Hi, I'm using R 2.5.0 on openSUSE 10.2 x86_64. I'm struggling as to what to use for the chromosome and maploc arguments for the CNA function. I've got data from 3 agilent 44k CGH arrays. I've created the marrayNorm and Raw objects using read.Agilent. The CNA function usage is as follows: CNA(genomdat, chrom, maploc, data.type=c("logratio","binary"), sampleid=NULL) I've read the CNA help page but am still struggling. For genomdat I've worked out this is mnorm at maM, the average log ratios, this will be my data.type. The column headers in my raw data file include systematic name in the following format: chr3:175483690-175483749 This seems to have been read into my work session using read.Agilent but how do use this and it isn't ordered, is this important? I've looked at the coriell data example but this is all nicely ordered and the headers are different to my data file. If anyone could point me in the right direction that would be great.
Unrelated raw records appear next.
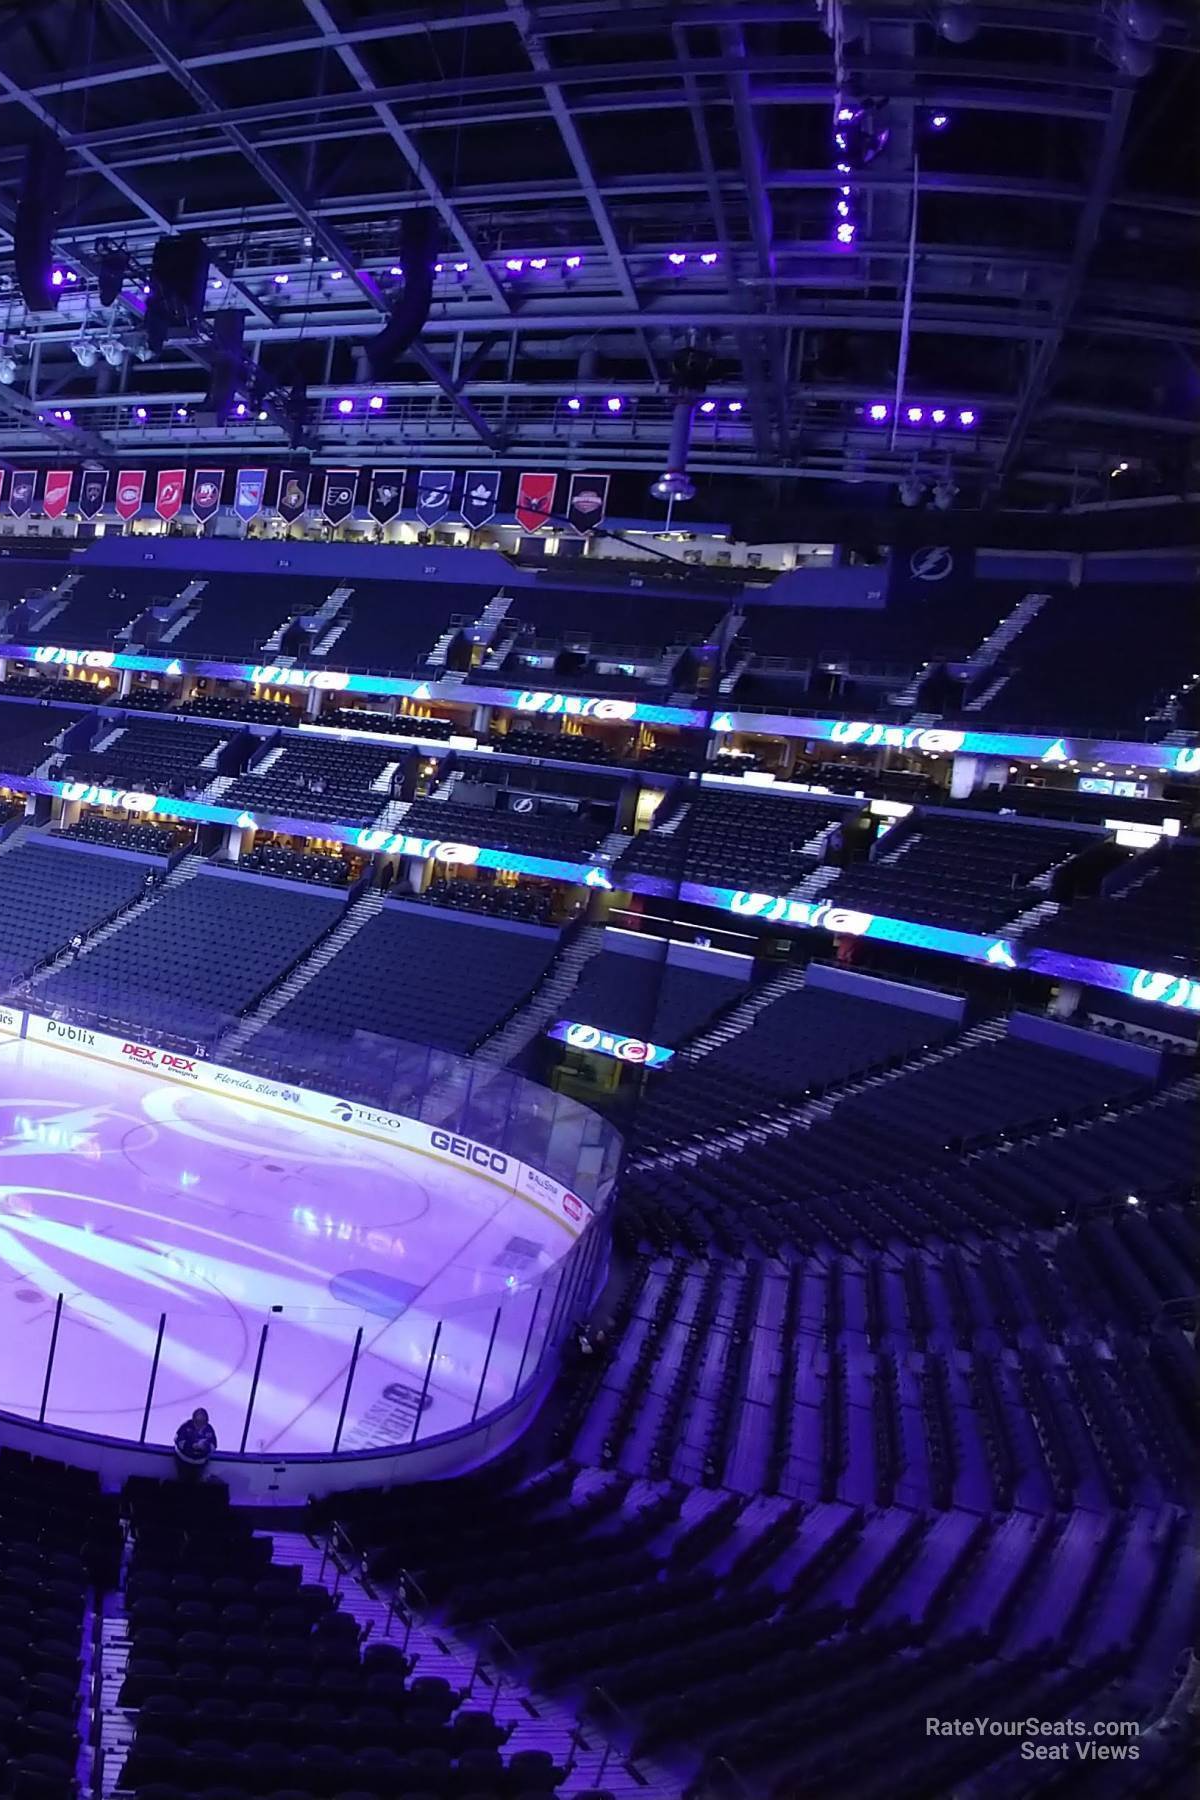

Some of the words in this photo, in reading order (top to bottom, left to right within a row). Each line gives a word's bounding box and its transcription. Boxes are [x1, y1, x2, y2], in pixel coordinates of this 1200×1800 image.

[46, 1021, 96, 1046] Publix
[121, 1043, 158, 1062] DEX
[160, 1053, 198, 1072] DEX
[214, 1072, 253, 1090] Florida
[255, 1085, 279, 1098] Blue
[355, 1108, 402, 1130] TECO
[430, 1130, 509, 1176] GEICO
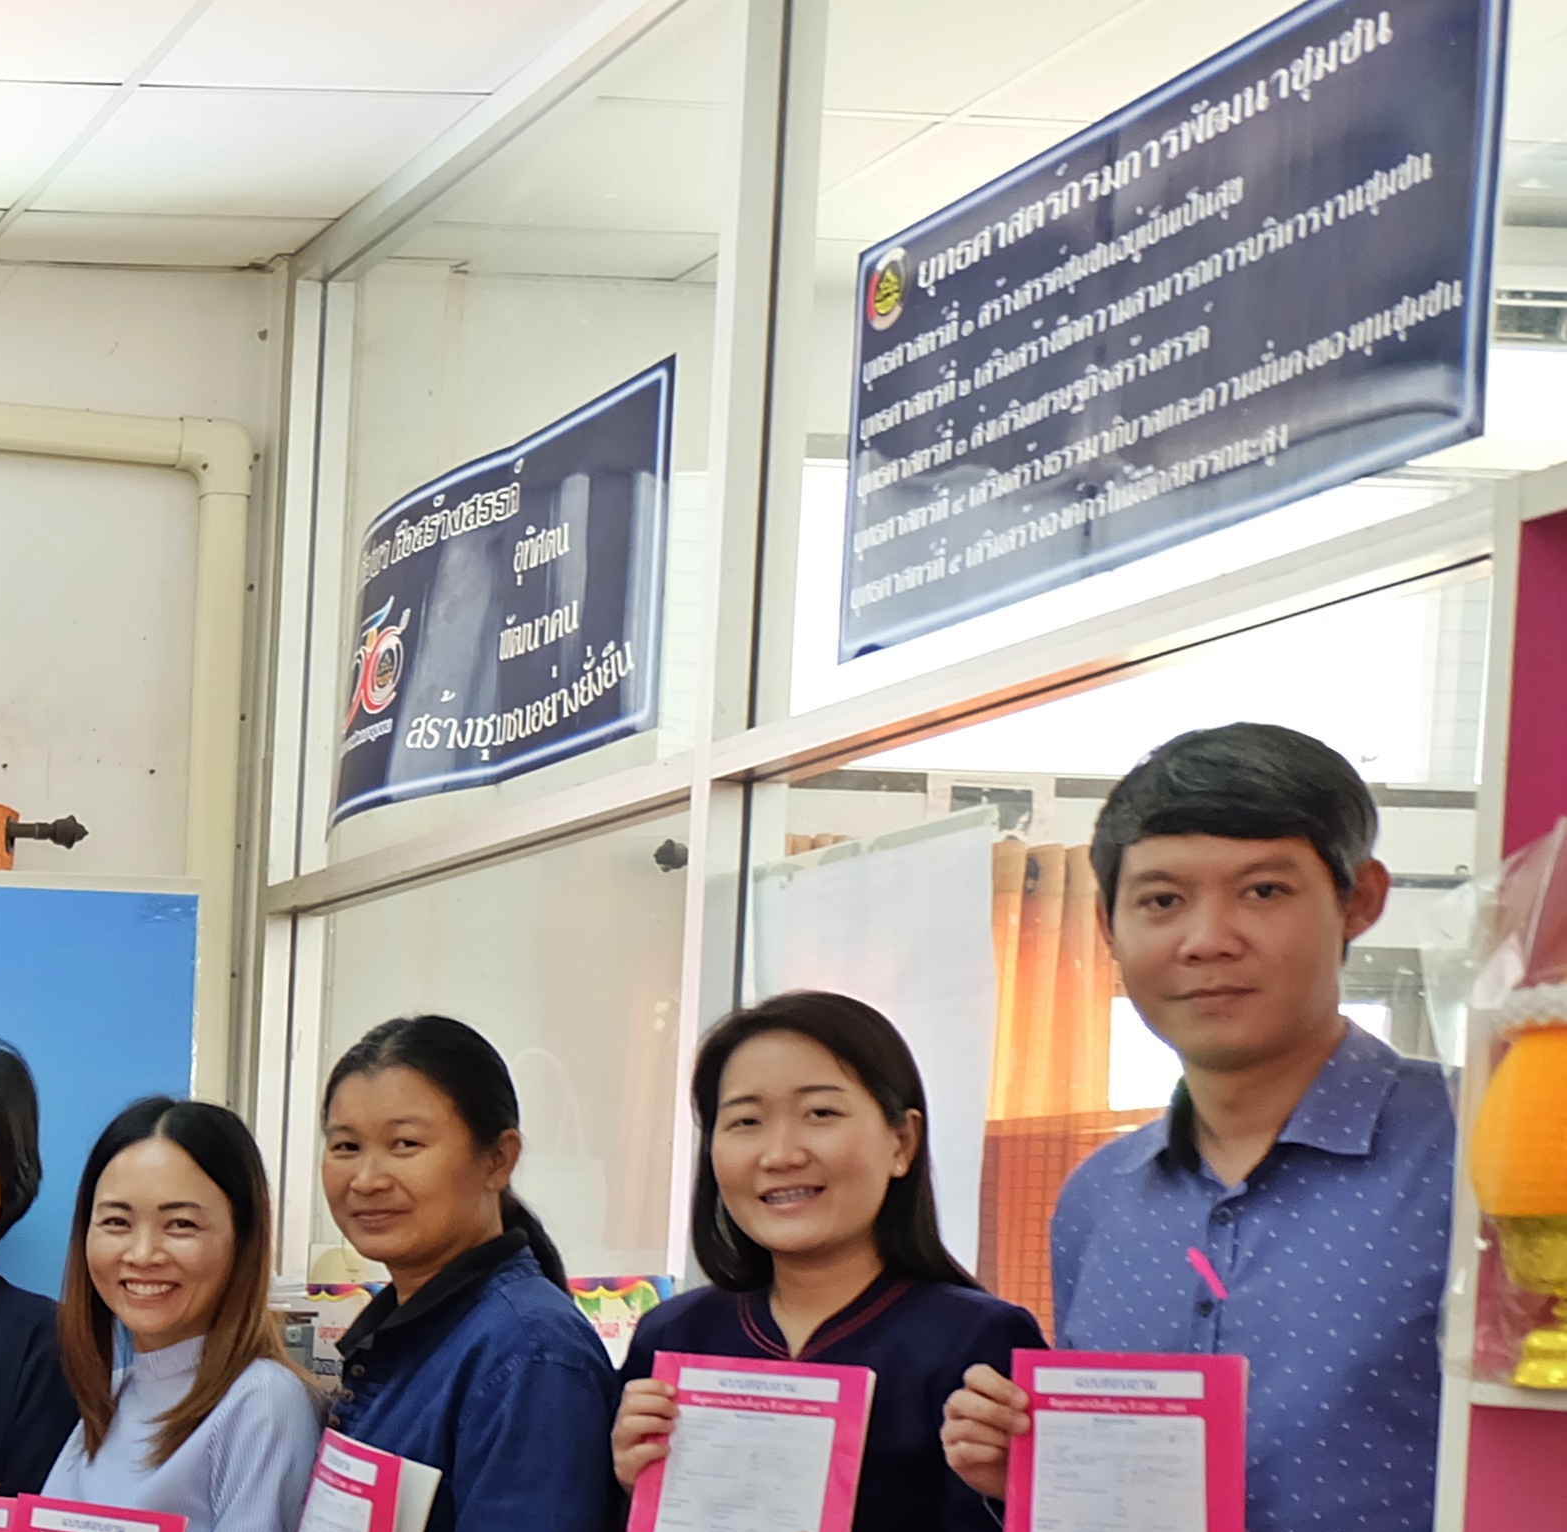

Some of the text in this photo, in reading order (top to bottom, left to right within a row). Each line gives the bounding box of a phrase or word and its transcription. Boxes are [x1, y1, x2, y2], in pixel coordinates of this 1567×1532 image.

John

jhs1jjm at leeds.ac.uk wrote: > Hi, I'm using R 2.5.0 on openSUSE 10.2 x86_64. > > I'm struggling as to what to use for the chromosome and maploc arguments for the > CNA function. I've got data from 3 agilent 44k CGH arrays. I've created the > marrayNorm and Raw objects using read.Agilent. The CNA function usage is as > follows: > > CNA(genomdat, chrom, maploc, data.type=c("logratio","binary"), > sampleid=NULL) > > I've read the CNA help page but am still struggling. > For genomdat I've worked out this is mnorm at maM, the average log ratios, this > will be my data.type. > > The column headers in my raw data file include systematic name in the following > format: > > chr3:175483690-175483749 > > This seems to have been read into my work session using read.Agilent but how do > use this and it isn't ordered, is this important? I've looked at the coriell > data example but this is all nicely ordered and the headers are different to my > data file. > > If anyone could point me in the right direction that would be great. This is the information that you will need to use, yes. It contains the chromosome and location information. You will need to manipulate this column to get the chromosome and locations into separate columns. You can do this in R or in Excel. Sean

jhs1jjm at leeds.ac.uk wrote: > Could you possibly tell me what functions/package I need to look at in R in > order to do this as I do not have excel and may well need to handle data that > exceeds the maximum number of rows in openoffice. `extractAgilentInfo` <- function(charvec) { tmp <- do.call(rbind,strsplit(charvec,':')) #split chrom from locations tmp2 <- do.call(rbind,strsplit(tmp[,2],'-')) #split locations tmp3 <- sub('chr','',tmp[,1]) #convert to numeric chromosome if wanted tmp3[tmp3=='X'] <- 23 # May need to change these numbers to tmp3[tmp3=='Y'] <- 24 # match your species tmp3 <- as.integer(tmp3) tmp[is.na(tmp3),1] <- NA return(data.frame(chromosome=tmp[,1],location=as.integer(tmp2[,1]),Num Chrom=tmp3)) } Use like so: agilentInfo <- extractAgilentInfo(as.character(rawdat$SystematicName) And you will get back a data.frame of what you need, I think. Sean

jhs1jjm at leeds.ac.uk wrote: > Sean, > > Thanks for that. Couldn't get it to work but not too worry as I wouldn't want to > take credit for writing a function like that and my tutor wouldn't expect it. > Someone has written some perl code to do it for him but I want to get to grips > with R. I've tried to decipher what you've done and daresay I can get there > although in a slightly long winded method. I can bring up the Systematic names > with the following: > > x <- manorm at maGnames@maInfo[,3] > > I've had a look at the strsplit help: > > ch_loc_split <- strsplit(x,":") > > I'll have a look at the rest of the code and functions you've used then get back > to you. If there's any potential pitfalls for a newbie then by all means let me > know. > Jim, What did you try and what didn't work? Error messages and actual commands will help here. Sean

jhs1jjm at leeds.ac.uk wrote: > Sean, > > Awesome, seems to have worked. There were 2 warnings, NAs introduced by > coercion. Just changed the end (after messing around with importing the raw > data) to the marray object as follows: > > agilentInfo <- extractAgilentInfo(as.character(mnorm at maGnames@maInfo[,3])) > > Guessing that would have taken me a while to work out. Is there any reason why > this wouldn't work for the 244k array just for future reference? Will try start > the DNAcopy analysis now. > John, Great to hear that it worked for you. The NAs introduced are expected and are associated with the control probes on the array. It should work just fine for all Agilent arrays as long as the systematic name is in the same format. Agilent is actually pretty good about keeping things stable over different arrays and over time. Sean P.S. In the future, feel free to reply back to the list. Doing so allows everyone to learn from the interaction and has the added benefit of creating a lasting record of any answers in the archive.